Not only had 13 years passed since Larry Zeidel had last played in the NHL, so had six new teams on him in an expansion draft until he sent a professionally-produced brochure marketing himself.
“I can help your organization in the front office with my experience in ticket sales and public relations as well as on the ice,” began a presentation in which Zeidel was pictured in both a hockey uniform and a business suit.
“In case someone wanted me as a coach or manager I had to look dignified,” he recalled years later in Full Spectrum, the Complete History of the Philadelphia Flyers. The new Flyers had filled those primo jobs with Bud Poile and Keith Allen. But having both coached Zeidel in his long road through the minors they knew there wasn’t a player taken in the great 1967 expansion who wanted more badly to be in the NHL.
So two weeks into season one, they offered the 39-year-old Zeidel better just than a ticket-selling job, even though they probably thought the presence of a Jewish player – still the only known one in franchise history – might fill some of the rows of empty seats at the Spectrum.
“All I have to do is see this carpeting in the locker room and I’m motivated,” said Larry (The Rock) Zeidel, who was the oldest living Flyer until he died Tuesday at 86. “We never had carpeting in the minors.”
As the Flyers took the lead in the new West Division, where all the new teams had been placed, Zeidel earned his keep through Year One in an effective defense partnership with a 24-year-old Joe Watson.
“He was tough, demanded respect out there,” recalled Watson yesterday. “Even at practice.

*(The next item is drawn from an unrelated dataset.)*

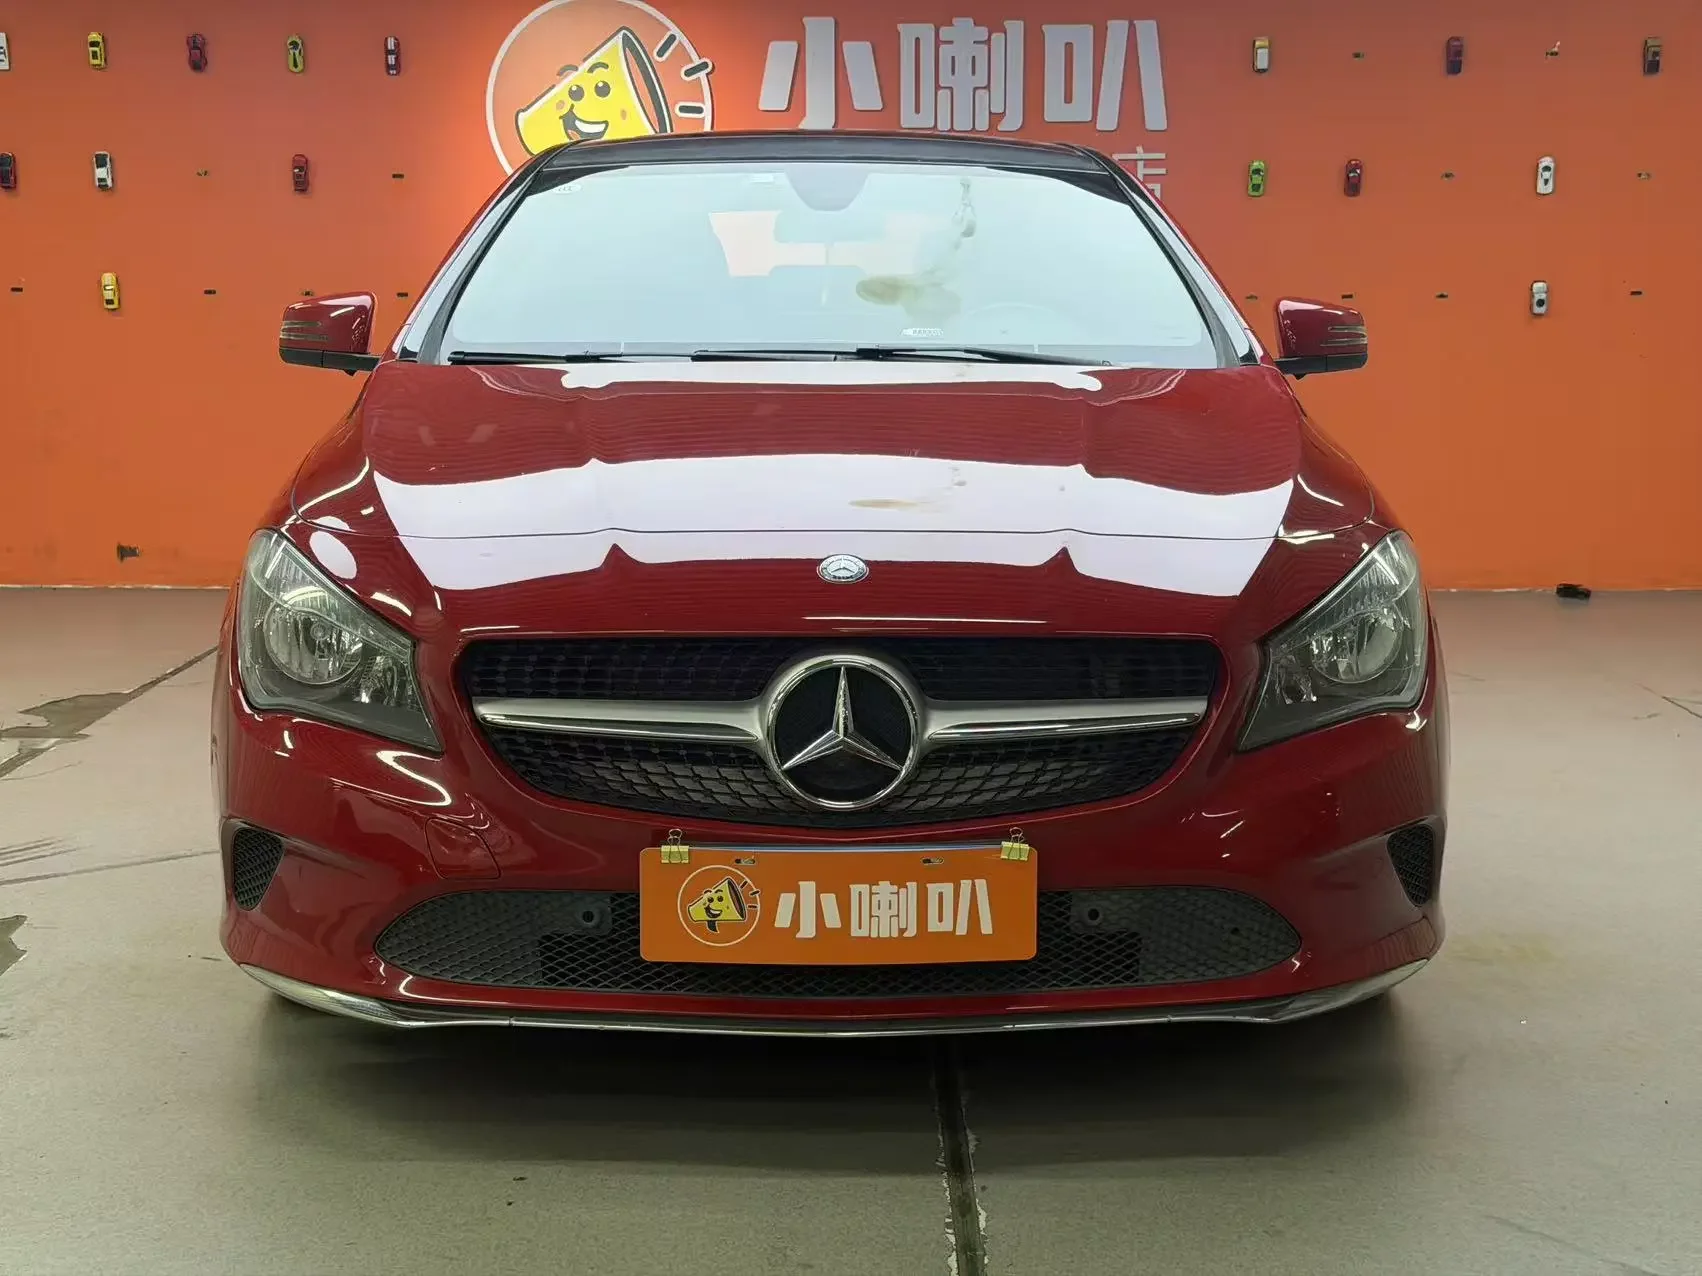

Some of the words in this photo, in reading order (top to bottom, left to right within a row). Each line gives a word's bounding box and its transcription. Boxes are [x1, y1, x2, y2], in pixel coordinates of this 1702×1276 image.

[758, 17, 1168, 131] 小喇叭
[774, 879, 993, 938] 小喇叭

“He thought Brit Selby needed toughening up, so one time at practice 'The Rock' went after him.”
Zeidel was a hockey nomad who probably had as much as anyone to do with rooting that first Flyer team to Philadelphia. In becoming the franchise’s first real character, he helped gave it a spine.
After the Flyers were orphaned by an early March storm that damaged the Spectrum roof, the second home game that had to be moved was in Toronto, one day after the team, 1-8-2 in their last 11 games, had been ripped 7-2 there by the Maple Leafs.
“I looked at the mood, I see the team is down,” Zeidel recalled. “I figure I’m going to turn it up to high.
“I didn’t need an excuse, I’d had a thing going with the (the Bruins) Eddie Shack for a long time. The last time we were in Boston, the two of us had bumped during the warmup. I figured it was time to balance the books. So I went to the game like a kamikaze.”
In the opening minutes, Shack and Zeidel collided and traded insults. Later in the first period, they again came together along the boards and Zeidel swung his stick and opened a three-stitch cut on Shack’s head. Enraged, the Bruin began flailing away, swinging seven times at Zeidel, who held his stick horizontally in front of his face to escape with only a three-stitch cut on his scalp.
“It started at center ice and ended behind the goal,” recalls Watson. “By the end, they were down to twigs.”
And still The Rock didn’t think it was over. While getting stitched, he learned that Shack was being treated in an adjacent room. “He took off, the needles still in his head and all,” recalls Watson. “Doctors chasing him, cops restraining him.”
The wire service pictures of two bloodied players swinging at each other horrified two nations and even shook up hockey people. “It was one of the worst stick fights I’ve ever seen,” said NHL officials supervisor Frank Udvari.
After the game Zeidel said the incident had been prompted by anti-Semitic remarks made by the Bruins, then later admitted he had made that part up. But there was method to the madness. Although a Flyers third-period rally had fallen short, Zeidel seemed to have galvanized them. As Quebec City became their home away from home for the rest of the season, they won the division regardless before the Blues beat the Flyers in Game Seven at the re-opened Spectrum.
Over the summer the Flyers added 40-year-old future Hall of Famer Allan Stanley and released Zeidel, the 40-year-old gritty journeyman nine games into the next season. After hockey, he worked as a marketing consultant for an investment house and was a regular at Flyers home games. His marriage having ended 30 years ago, in his final years Zeidel lived with Joan and George Bradley in their Mayfair home.
Visitation and services will be held Saturday, 8 a.m. to noon, at Cassizzi Funeral Home, 2915 East Thompson St., Philadelphia, the Flyers and their alumni association sharing the cost of a proper goodbye for a Flyer who helped cause a city with little hockey heritage to say hello to the sport.
“He helped define Philadelphia Flyers hockey," said Ed Snider. "He was a tough son of a gun on the ice and a terrific fighter, a colorful guy and he was that way his whole life.”